*Entries shown:*
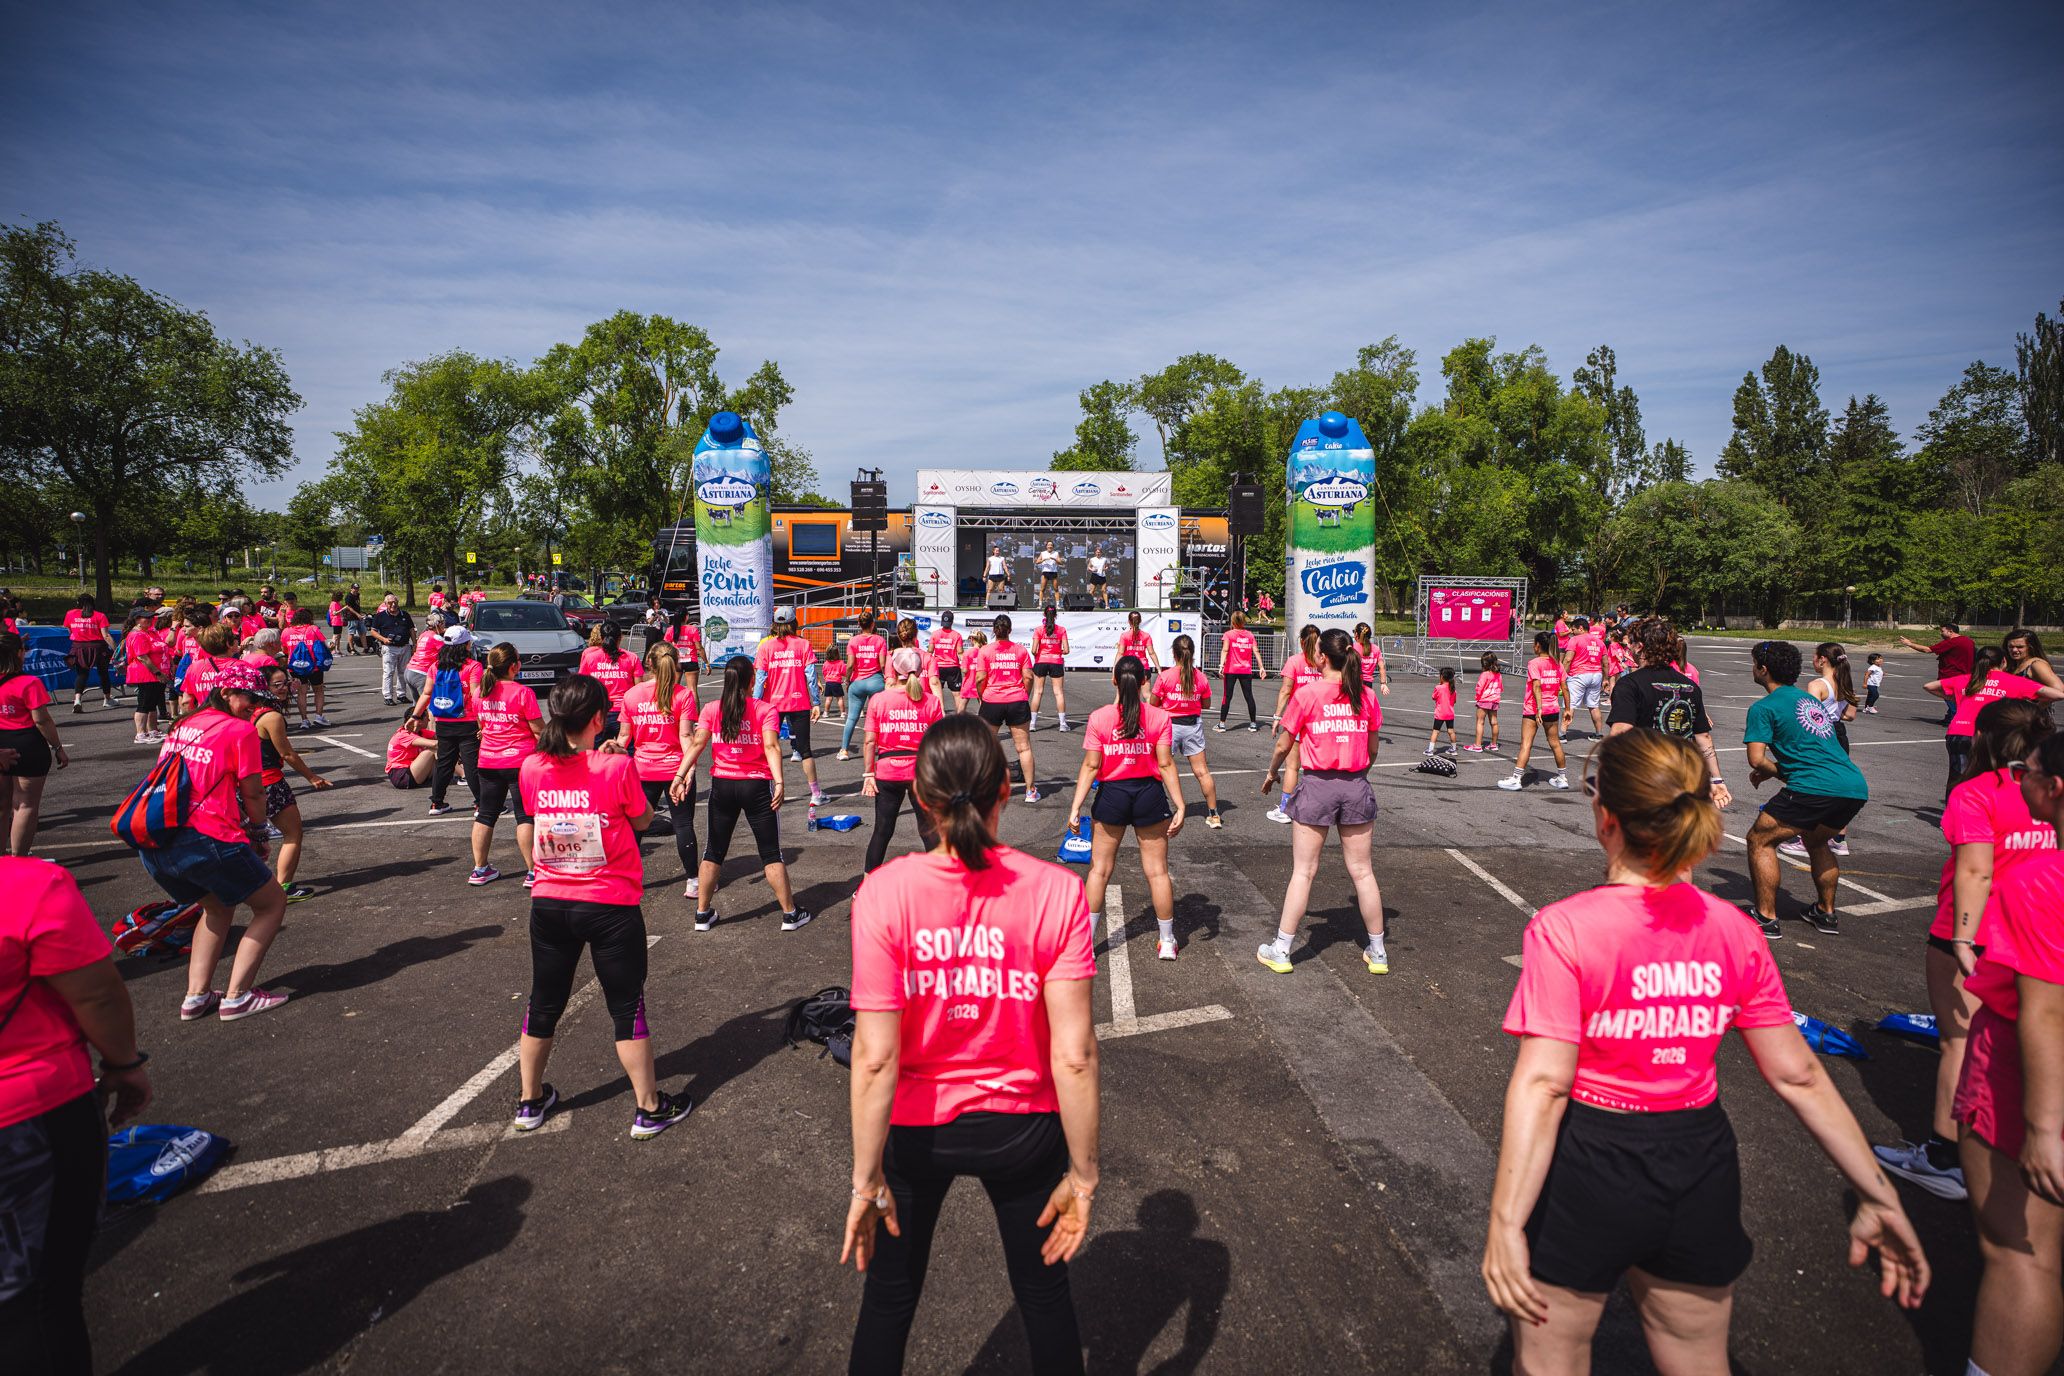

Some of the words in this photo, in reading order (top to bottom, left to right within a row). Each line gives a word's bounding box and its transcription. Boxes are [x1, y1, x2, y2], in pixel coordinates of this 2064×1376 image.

[700, 487, 753, 499] ASTURIANA
[1307, 489, 1363, 500] ASTURIANA
[921, 517, 949, 525] ASTURIANA
[920, 545, 950, 553] OYSHO
[1142, 547, 1174, 555] OYSHO
[704, 555, 732, 573] Leche
[702, 568, 759, 593] semi
[1306, 568, 1359, 594] Calcio
[703, 591, 761, 607] desnatada
[1329, 591, 1358, 604] natural
[1308, 611, 1358, 620] semidesnatada
[774, 650, 795, 659] SOMOS
[996, 653, 1016, 661] SOMOS
[482, 700, 507, 711] SOMOS
[1323, 703, 1353, 718] SOMO
[889, 709, 918, 721] SOMOS
[537, 789, 590, 809] SOMOS
[916, 924, 1005, 962] SOMOS
[1631, 961, 1722, 1001] SOMOS
[1652, 1046, 1687, 1065] 2026

*What this task involves:* Omit the pictures. Repeat the rest of the data exactly.

*Completed task:*
Some of the words in this photo, in reading order (top to bottom, left to right within a row). Each line gives a word's bounding box and its transcription. Boxes are [x1, y1, x2, y2], in pixel coordinates of this 2064×1376 image.

[700, 487, 753, 499] ASTURIANA
[1307, 489, 1363, 500] ASTURIANA
[921, 517, 949, 525] ASTURIANA
[920, 545, 950, 553] OYSHO
[1142, 547, 1174, 555] OYSHO
[704, 555, 732, 573] Leche
[702, 568, 759, 593] semi
[1306, 568, 1359, 594] Calcio
[703, 591, 761, 607] desnatada
[1329, 591, 1358, 604] natural
[1308, 611, 1358, 620] semidesnatada
[774, 650, 795, 659] SOMOS
[996, 653, 1016, 661] SOMOS
[482, 700, 507, 711] SOMOS
[1323, 703, 1353, 718] SOMO
[889, 709, 918, 721] SOMOS
[537, 789, 590, 809] SOMOS
[916, 924, 1005, 962] SOMOS
[1631, 961, 1722, 1001] SOMOS
[1652, 1046, 1687, 1065] 2026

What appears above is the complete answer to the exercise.